Our first tandem bicycle adventure took us from Dungeness, Washington, to Dungeness, Washington the long way around America, 14,000 miles of life altering discovery. This manuscript was represented by the Claudia Menza Agency to New York publishers. It received several positive reviews from editors, but no takers. Enjoy.
Copyright 2009(c) by Bob Rogers.
Clang. Clang. Clang. Three in the morning. It’s Claire’s mother, DeLee calling us from her hospital bed downstairs. We gave her a stainless steel bowl and wooden spoon to summon us with. It works. My turn.
The nightlight casts a pool of light on the table beside her, where the morphine suppositories and rubber gloves are. She’s in pain, has been for awhile. DeLee, don’t do this, I say. Wake us, I say. You know it takes some time for the morphine to work. I put on the glove, tear open the foil packet containing the morphine suppository. Bang on the bowl, I say, before it hurts so bad, I say. Clang. Clang. Clang, I say. I’m lecturing her. She gives me one of her looks: Don’t forget who you are, not-even-son-in-law-yet. I smile. She smiles. We tease each other. I am going to miss her.
I’m done.
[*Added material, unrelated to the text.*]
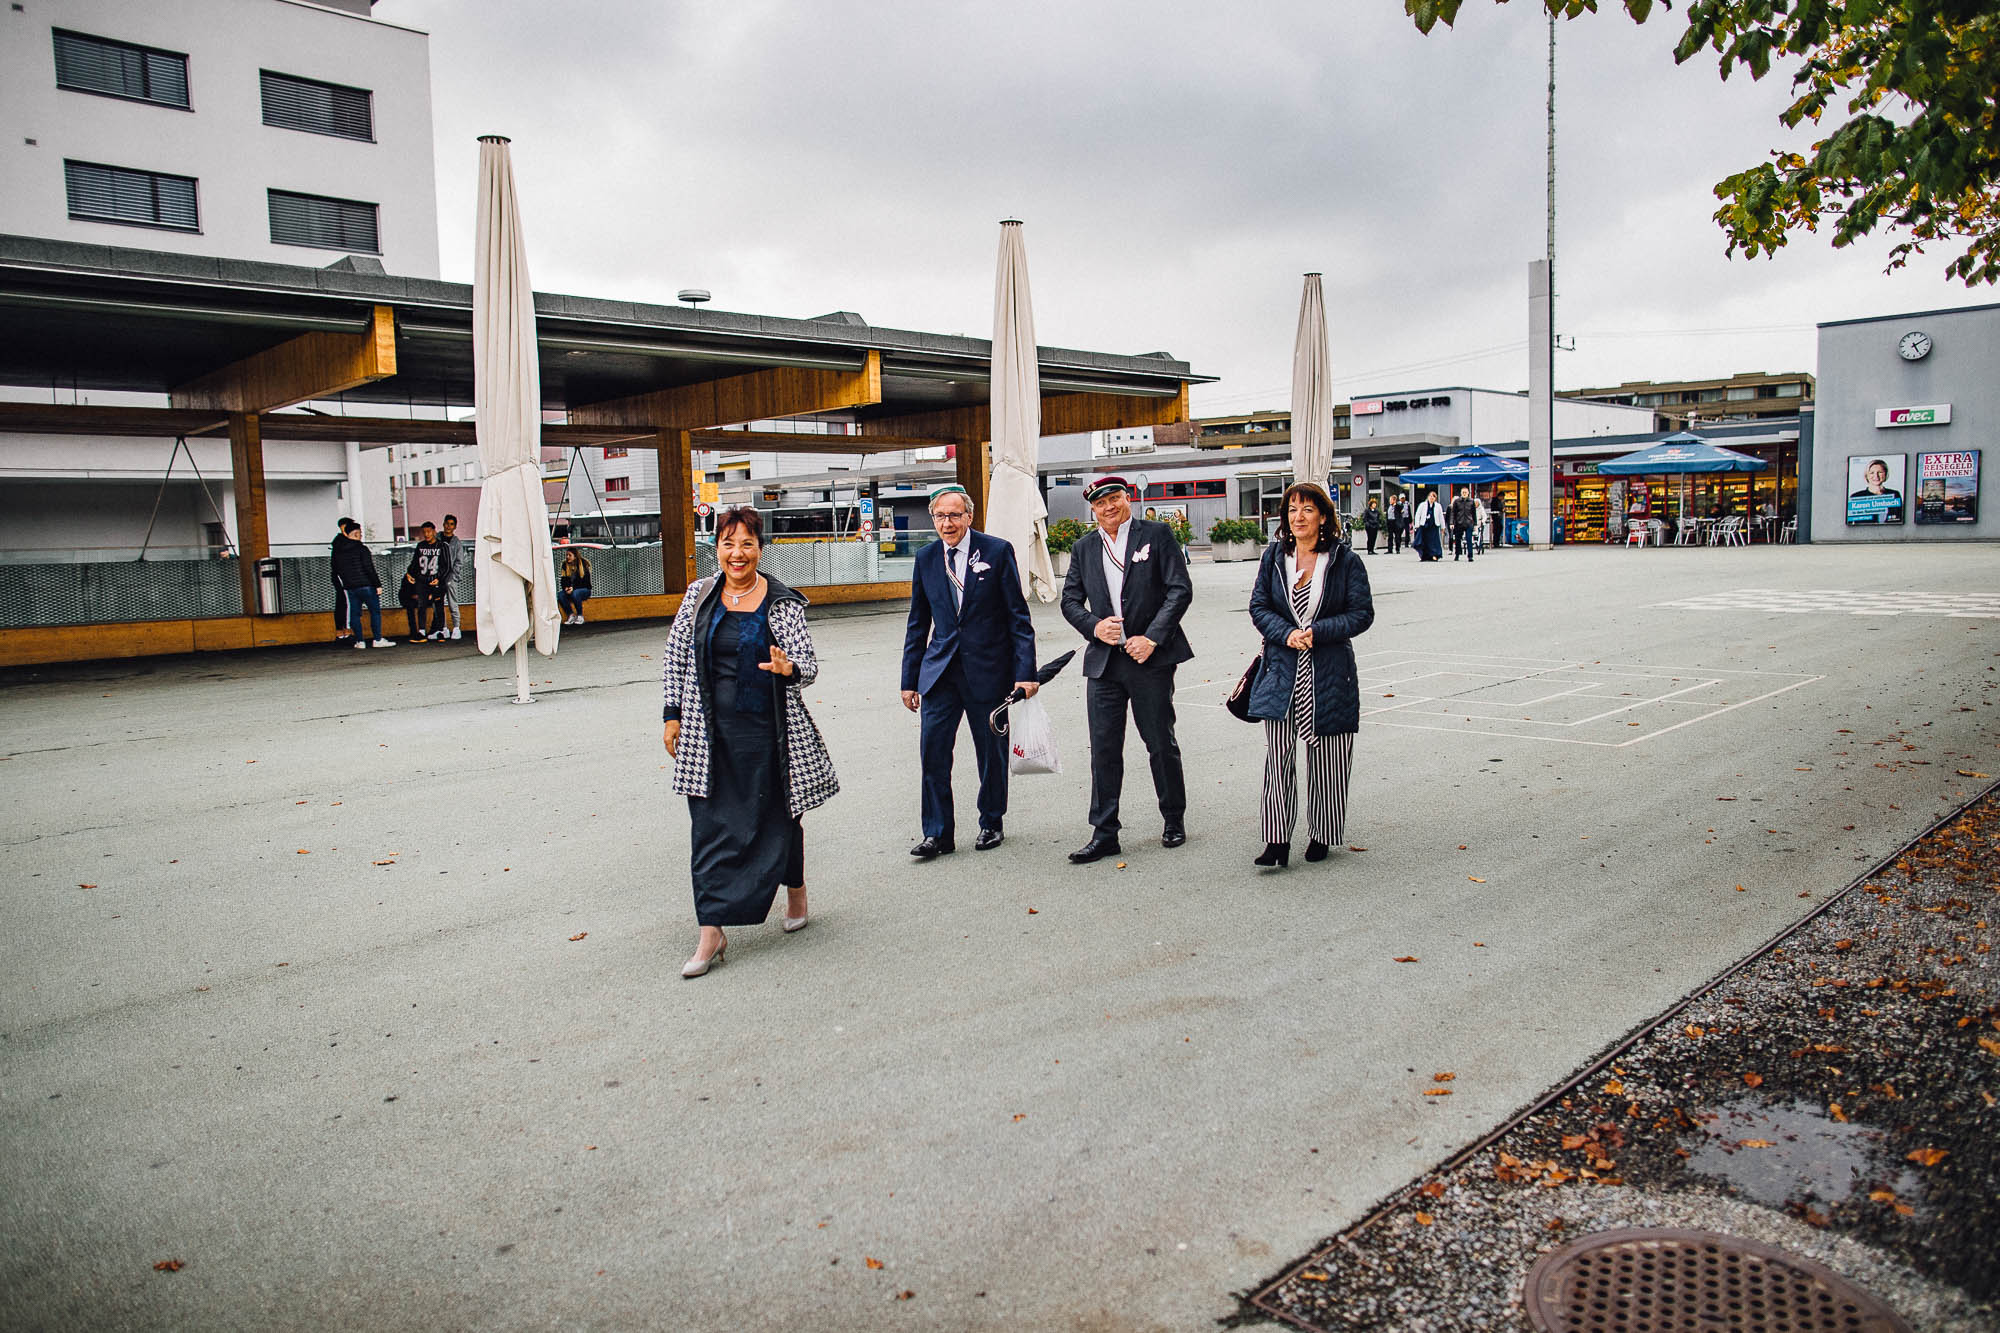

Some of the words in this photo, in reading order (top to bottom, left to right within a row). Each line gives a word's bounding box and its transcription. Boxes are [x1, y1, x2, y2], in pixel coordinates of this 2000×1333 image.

[1410, 398, 1429, 408] CFF
[1925, 454, 1973, 465] EXTRA
[1924, 463, 1973, 471] REISEGELD
[418, 556, 439, 575] 94
She should feel relief soon, and sleep. While I’m at it, I check the catheter, and bedclothes. Everything’s okay. I’m getting good at this, all of us are; Claire and me, and DeLee. It can’t be easy to let others take care of all your personal needs for you. At least we are not strangers, changing shifts, new faces. We are all in the middle of this together. There is little thought of dignity lost, or dread for certain tasks. There is only relief to be given, received; the exchange of love.
Comfortable, I ask? She doesn’t answer, but looks out the window at the Strait and Dungeness Lighthouse. She loves the regular flashing of the light. I catch her watching it often, it’s small silver flash in daylight, and as it sweeps through the darkened room at night. Every four seconds. Counting. She is counting along with it. How much time left? How much life?
Upstairs her only daughter, and best friend, sleeps in my bed. DeLee knows she probably won’t live until our wedding less than six months away. She hopes to make early May, and her 60th birthday. A goal.
A few months before, we had found her at her home, slumped in a chair, her breathing shallow, raspy. She was to weak to light a cigarette, didn’t seem want one; that told us she was very ill. She could have died then, if we hadn’t wondered at her voice on the telephone and went to check.
We helped her to the car and rushed to the hospital. A tense night in the emergency room, papers to sign about use of life support, worried doctors, tears of self recrimination: How could we not have known? How could we not have seen how far she was slipping?
A 40 year cigarette habit had made her very good at denial, and very good at suppressing the concern of her family. Nicotine was her drug of choice and it ruled us all. The year before, Claire convinced her to have a check-up. She came home and said she was fine, just, “a little emphysema.” She would try again to quit. A little emphysema. Her nose was a net of blue veins and she became winded walking across the room. She didn’t want to come to my house for dinner; stairs to climb, and the indignity of having to smoke on the deck. A trip to the grocery with Claire was an exertion almost beyond her.
And yet, she would still make plans: adventurous travel, a new house with a water view… She knew she would never do these things; there was a desperation in the dreams. Perhaps she just enjoyed dreaming for the sake of dreaming. We all do sometimes. But, her dreams required increasing doses of denial to sustain; often as not, they sounded hollow at best, and very sad. We knew her breathing was too diminished to allow her much more than getting through her day and working in her flowers.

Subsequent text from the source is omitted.